This looks like it confers such a fitness cost that this isn’t likely to go on. I don’t feel like the sky is falling. My perspective from the clinician is this doesn’t give me that. Oh my gosh, we’ve got to start using dual treatment and everyone it looks like to develop the Remdesivir resistance compromise the fitness of the virus. Vincent, you want to jump in on this?
VR: Yes, I think that’s the good take. This virus they show is resistant to Remdesivir but it replicates poorly compared to the ancestral virus. As you say, it’s not likely to be a population threat, but they do come include that we should make sure we monitor virus in this population of patients, because who knows they did see other mutations emerge quite a few, and we should monitor them just to be sure there’s nothing going on.
DG: I think that’s reasonable. Hopefully, during times when numbers are a little bit lower, we can start doing a bit more of that.
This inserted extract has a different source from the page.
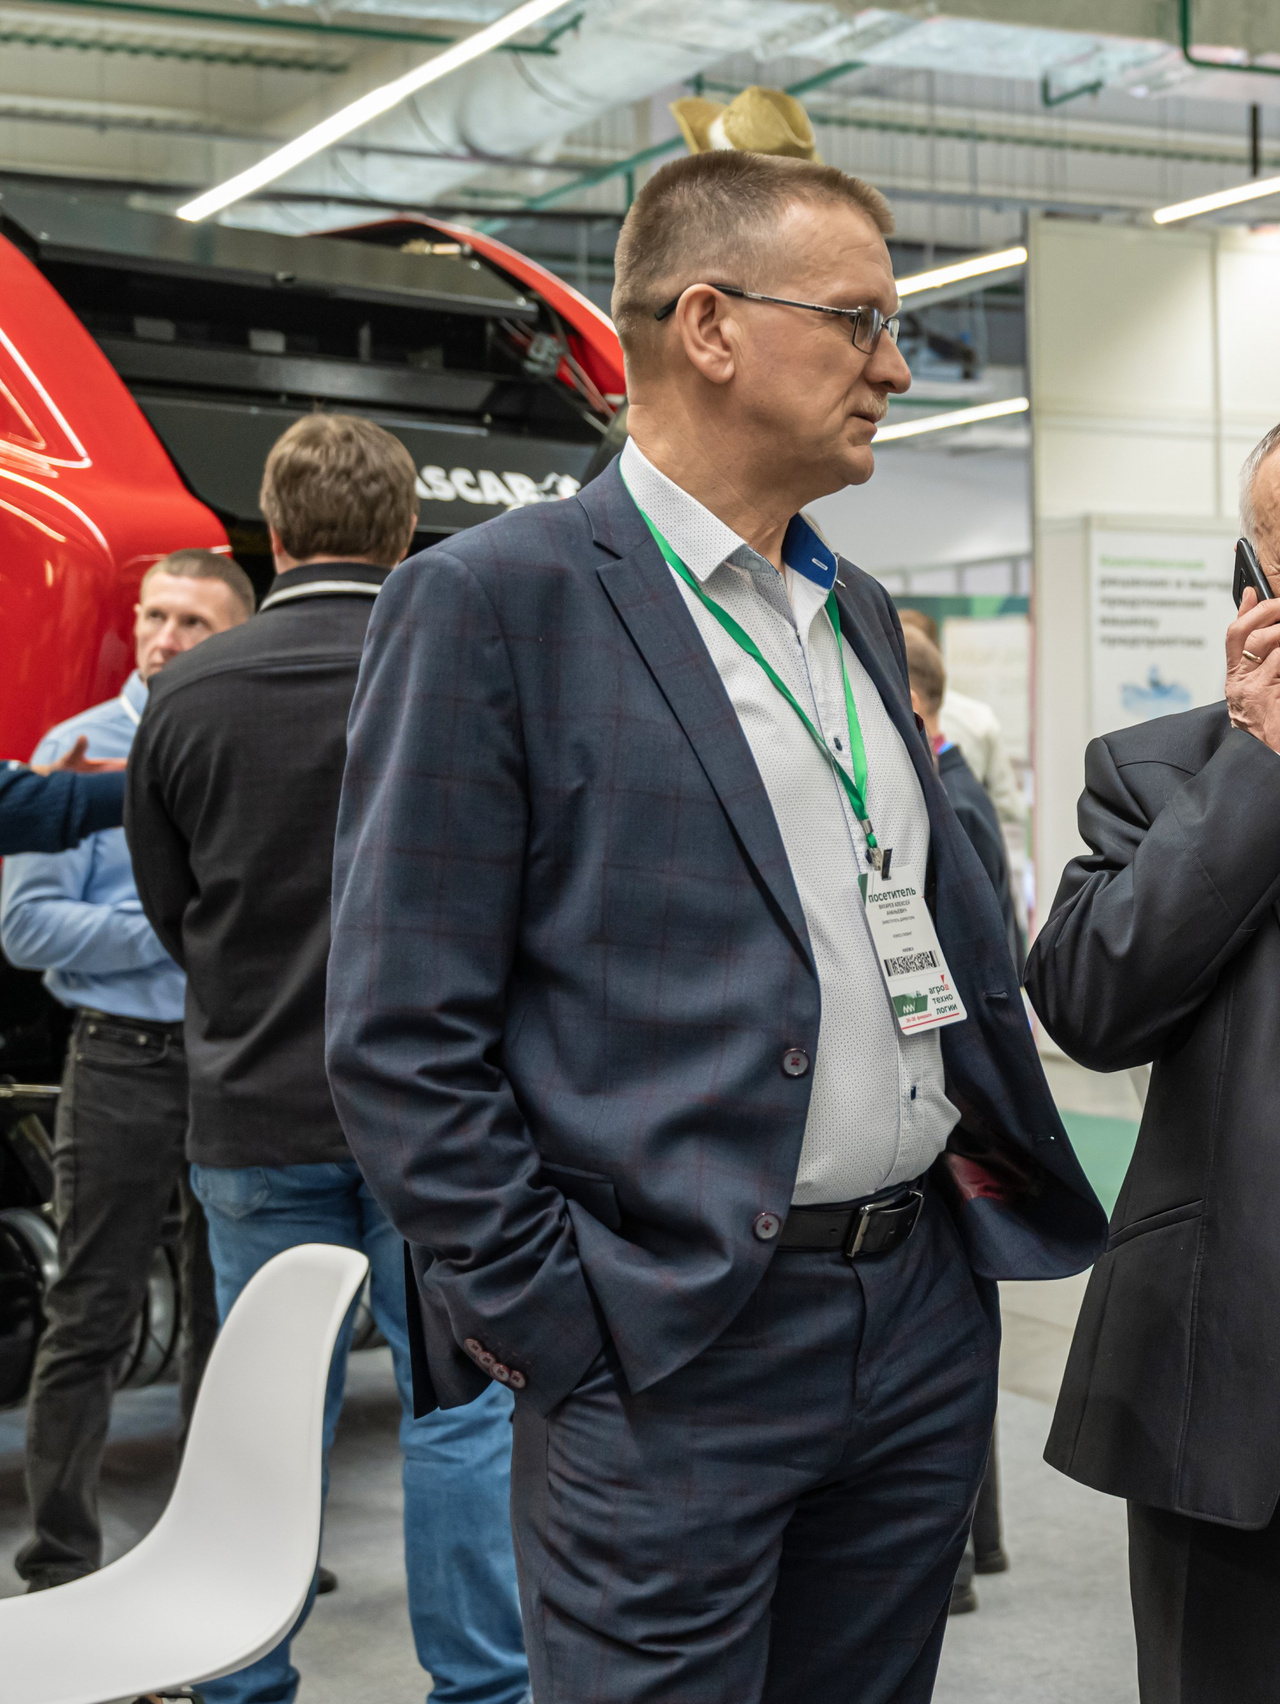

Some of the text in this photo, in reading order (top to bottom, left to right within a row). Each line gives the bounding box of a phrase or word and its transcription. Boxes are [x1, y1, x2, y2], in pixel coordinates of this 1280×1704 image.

[868, 886, 917, 904] посетитель
[928, 984, 946, 995] агро
[931, 993, 954, 1004] техно
[935, 1003, 958, 1015] логии
We need to do more of that. Actually connecting with point of care and patient management, not just off at some variance surveillance level. All right, how can we have a COVID clinical update without discussing ivermectin? I did just get back on Tuesday morning from Panama, where I was using a bit of ivermectin for scabies, for its indicated treatments.
The article, “Comparison of Trials Using Ivermectin for COVID-19 Between Regions with High and Low Prevalence of Stongyloidiasis a Meta-Analysis,” was published in JAMA Network Open. Now this is a meta-analysis of 12 randomized clinical trials involving 3,901 patients. Studies were excluded in the event, publications revealed, suspected trial fraud or randomization failure. It’s painful that you actually have to look so closely in this area, but this has become a problem.
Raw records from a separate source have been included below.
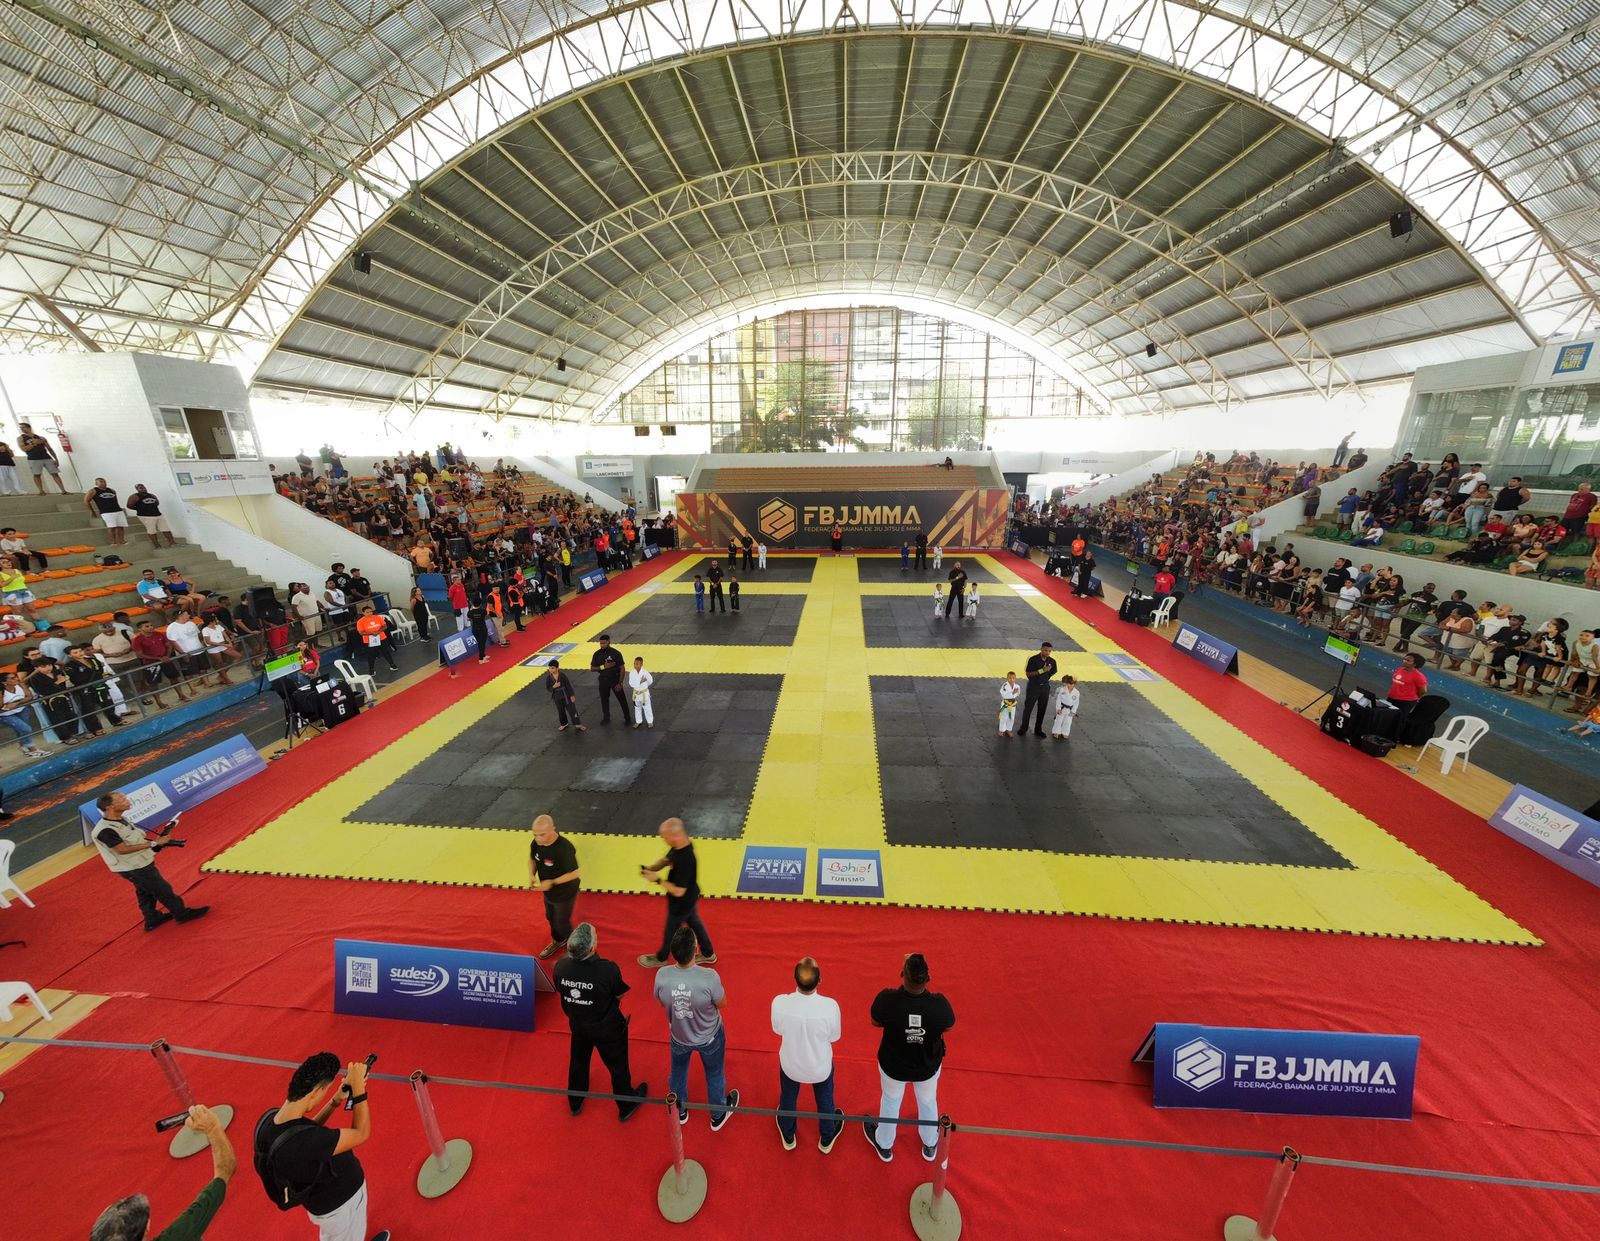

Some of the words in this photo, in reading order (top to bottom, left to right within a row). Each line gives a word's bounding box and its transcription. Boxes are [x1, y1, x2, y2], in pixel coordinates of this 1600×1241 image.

[803, 505, 922, 525] FBJJMMA
[338, 703, 346, 715] 6
[1336, 716, 1344, 728] 3
[1518, 804, 1571, 832] Bahia!
[1514, 816, 1550, 838] TURISMO
[827, 861, 872, 873] Bahia!
[390, 967, 436, 981] sudesb
[459, 968, 488, 976] GOVERNO
[352, 977, 372, 988] PARTE
[1234, 1055, 1396, 1085] FBJJMMA
[1234, 1081, 1283, 1090] FEDERAÇÃO
[1285, 1083, 1315, 1091] BAIANA
[1344, 1085, 1367, 1093] JITSU
They were looking here at whether there was a relationship between ivermectin and regional strongyloides prevalence. Remember this is a disease strongyloides where there are immune issues, lots of steroids are– COVID is where we’re seeing a disease where there’s immune issues, lots of steroids are being used, and some of our This Week in Parasitism listeners are very familiar how strongyloides and strongyloides hyperinfection syndrome, can take advantage of these situations.
What is strongyloides Dr Griffin? You’ll have to listen to This Week in Parasitism. I think Dickson does an intro TWiP in This Week in Parasitism, but strongyloides is a parasite that infects humans and other hosts there’s different strongyloides subspecies. There’s this auto infection cycle. This parasite can actually stay in a human being for decades. When a person gets exposed to steroids, you can actually get an acceleration of the life cycle, allowing this to potentially become invasive.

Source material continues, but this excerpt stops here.